Important Pre-Treatment and Administration Information

HEPZATO is a component of the HEPZATO KIT Hepatic Delivery System [HDS]. Refer to the HEPZATO KIT Hepatic Delivery System Instructions for Use (IFU) for additional instructions including pre-infusion evaluation, hydration, premedication, anticoagulation, and supportive care.

Caution: The double balloon catheter component of the HDS contains natural rubber latex which may cause allergic reactions .

• Healthcare providers must complete the required HEPZATO KIT REMS training prior to administration of the HEPZATO KIT.
• Discontinue oral anticoagulation and drugs affecting platelet function prior to the procedure.
• Discontinue ACE-inhibitors, calcium channel blockers, or alpha-1-adrenergic blockers prior to the procedure.
• Conduct baseline hematologic testing.
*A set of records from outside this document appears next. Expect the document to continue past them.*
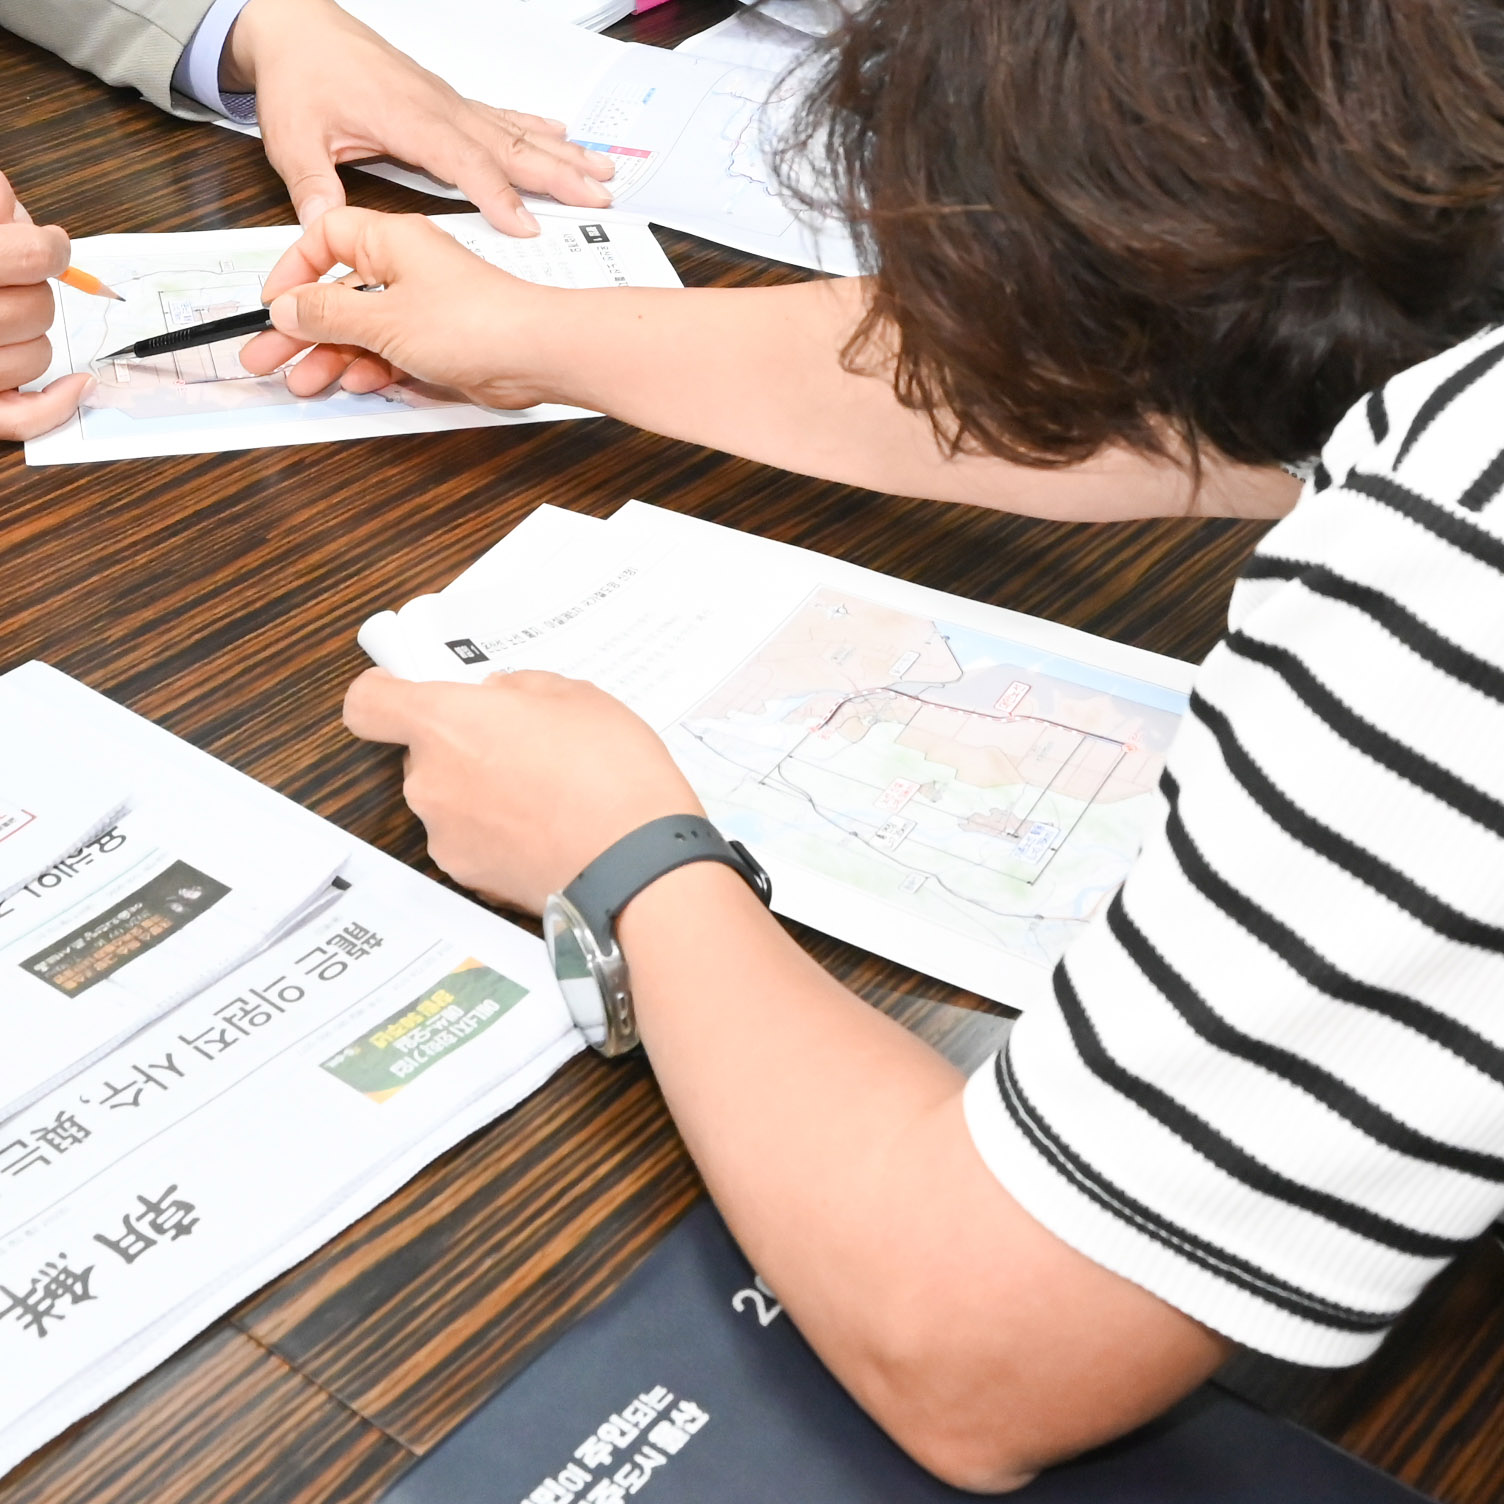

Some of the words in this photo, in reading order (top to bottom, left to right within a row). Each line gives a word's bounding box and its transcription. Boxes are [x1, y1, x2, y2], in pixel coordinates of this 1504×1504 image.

[290, 914, 383, 981] 龍은
[178, 976, 305, 1060] 의원직
[445, 996, 502, 1041] 에너지
[79, 1052, 185, 1110] 사수,
[386, 1046, 426, 1080] 기업
[521, 1463, 592, 1504] 민이
[574, 1386, 673, 1468] 주인되는
[579, 1446, 667, 1504] 주도시
[648, 1400, 709, 1454] 울산
Administer intra-hepatic HEPZATO with the HEPZATO KIT only to patients with the following.
  • Hemoglobin ≥ 10 g/dL
  • Platelets ≥ 100,000/microliter
  • Neutrophils > 2000/microliter

Recommended Dosage

• Administer HEPZATO via the HEPZATO KIT Hepatic Delivery System only to patients weighing 35 kg or greater due to potential size limitations with respect to percutaneous catheterization.
• HEPZATO, a component of the HEPZATO KIT, is administered by infusion into the hepatic artery (see IFU) every 6 to 8 weeks for up to 6 total infusions.
• The recommended HEPZATO dose is 3 mg/kg based on ideal body weight (IBW), as calculated per Table 1 below, with a maximum of 220 mg during a single treatment.
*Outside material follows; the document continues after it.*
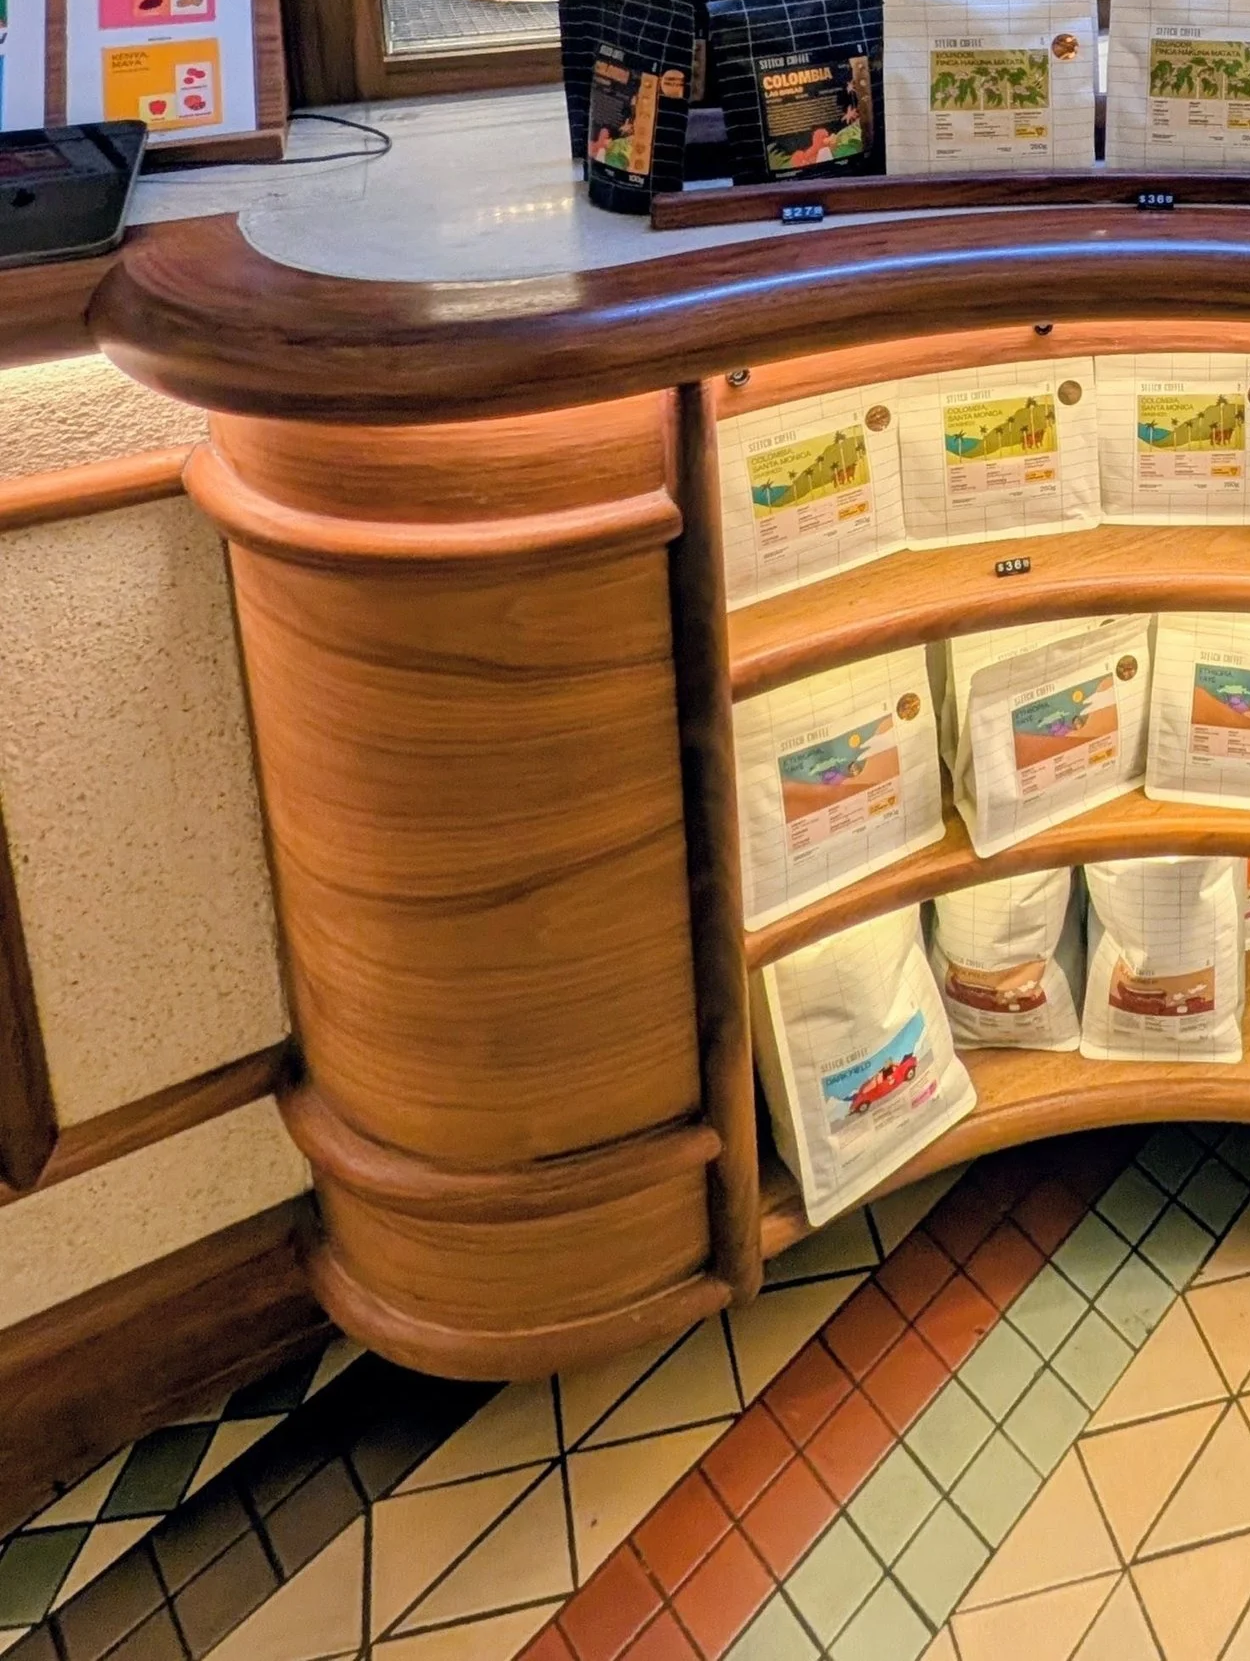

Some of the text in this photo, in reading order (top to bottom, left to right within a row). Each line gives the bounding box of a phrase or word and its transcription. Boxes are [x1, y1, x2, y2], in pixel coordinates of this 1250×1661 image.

Dosage Modifications for Adverse Reactions

A dosage reduction to 2 mg/kg is recommended for subsequent treatments for the following reasons:

• Grade 4 neutropenia of > 5 days duration despite growth factor support or associated with neutropenic fever;
• Grade 4 thrombocytopenia of > 5 days duration or associated with a hemorrhage that required a transfusion;

HEPZATO administered with the HEPZATO KIT should be discontinued if patients have life threatening or HEPZATO-related persistent toxicity that has not resolved to Grade 2 or less by 8 weeks following treatment.

Preparation and Administration

Refer to the HEPZATO KIT Hepatic Delivery System IFU for further details and instructions.
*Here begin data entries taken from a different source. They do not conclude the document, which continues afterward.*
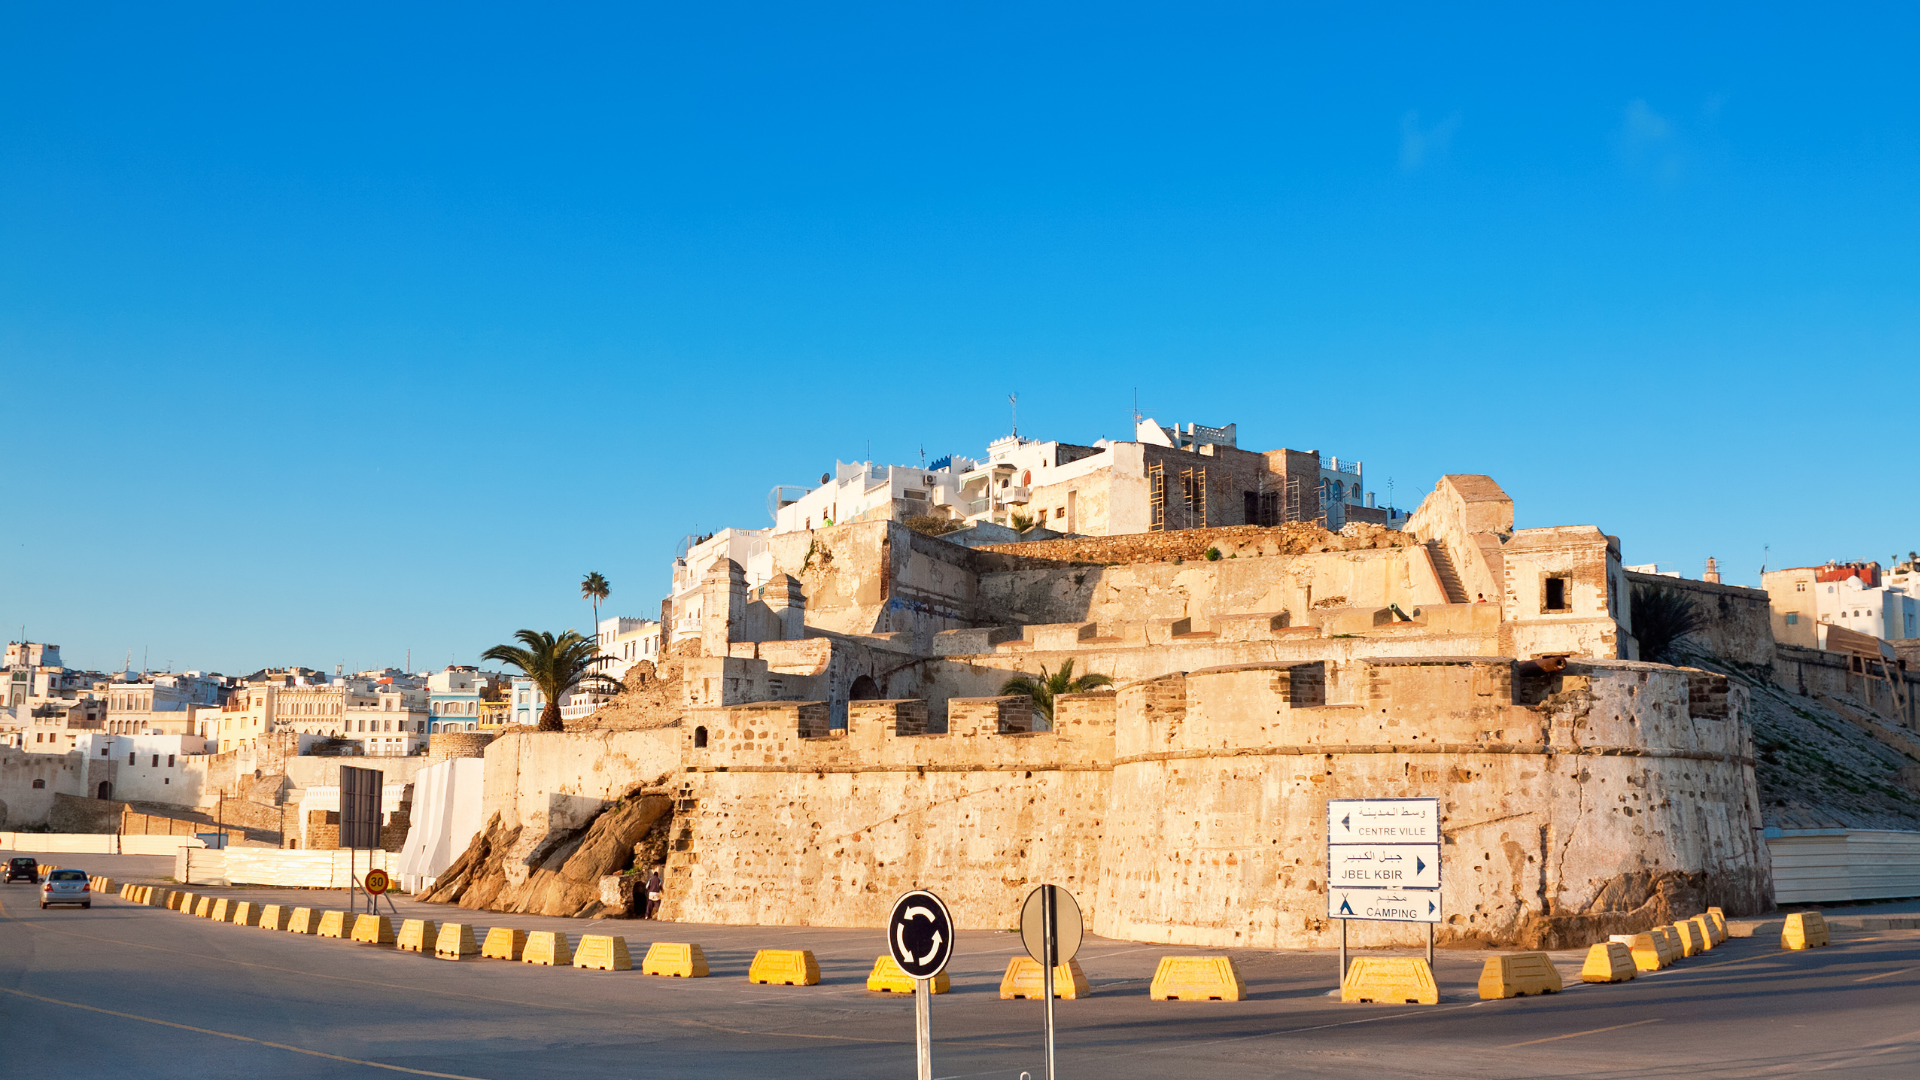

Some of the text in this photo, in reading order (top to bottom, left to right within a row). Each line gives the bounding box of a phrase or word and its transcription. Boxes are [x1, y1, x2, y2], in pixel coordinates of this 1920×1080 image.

[1358, 806, 1426, 819] وسط المدينة
[1358, 827, 1426, 836] CENTRE VILLE
[1343, 851, 1403, 863] جبل الكبير
[1341, 870, 1403, 880] JBEL KBIR
[371, 877, 383, 887] 30
[1376, 893, 1407, 905] مخيم
[1366, 907, 1418, 919] CAMPING
Reconstitute and dilute melphalan immediately prior to beginning intra-arterial infusion.

Reconstituted and diluted solutions of HEPZATO are unstable. No more than 60 minutes should elapse from reconstitution and completion of the intra-hepatic infusion of the diluted HEPZATO solution. A citrate derivative of melphalan has been detected in reconstituted HEPZATO in 30 minutes, and nearly 1% of labeled strength of melphalan hydrolyzes every 10 minutes when reconstituted HEPZATO is further diluted in 0.9% Sodium Chloride. A precipitate forms if the reconstituted solution is stored at 5°C. Do not refrigerate HEPZATO once reconstituted.

HEPZATO is a hazardous drug1. Follow applicable special handling and disposal procedures.

Reconstitution and Dilution Instructions:

1. Rapidly (in 5 seconds or less) inject 10 mL of the supplied sterile diluent into the HEPZATO 50 mg vial using a sterile needle (20-gauge or larger) and syringe. The resulting solution will contain melphalan 5 mg/mL
2. Immediately shake the vial vigorously until a clear solution is obtained. No more than five (5) seconds should elapse between the discharge of the syringe and the commencement of shaking.
3. Immediately further dilute the required dose with the provided 0.9% sodium chloride injection, United States Pharmacopeia (USP), to a concentration not greater than 0.45 mg/mL, as follows
   • HEPZATO doses up to 110 mg:
     Dilute in 250 mL of 0.9% sodium chloride injection
   • HEPZATO doses 111 mg to 220 mg:
     Divide the total dose equally into 2 and dilute each in 250 mL of 0.9% sodium chloride injection (for example, if the total dose is 200 mg, dilute 100 mg in each 250 mL 0.9% sodium chloride injection)
4. Visually inspect parenteral drug products for particulate matter and discoloration prior to administration, whenever solution and container permit. If particulates and discolorations are noted, the product should not be used.
5. Administer diluted HEPZATO intra-arterially as described in the IFU. Complete the infusion within 30 minutes, followed by a 30-minute washout period. Refer to the IFU for additional administration procedures.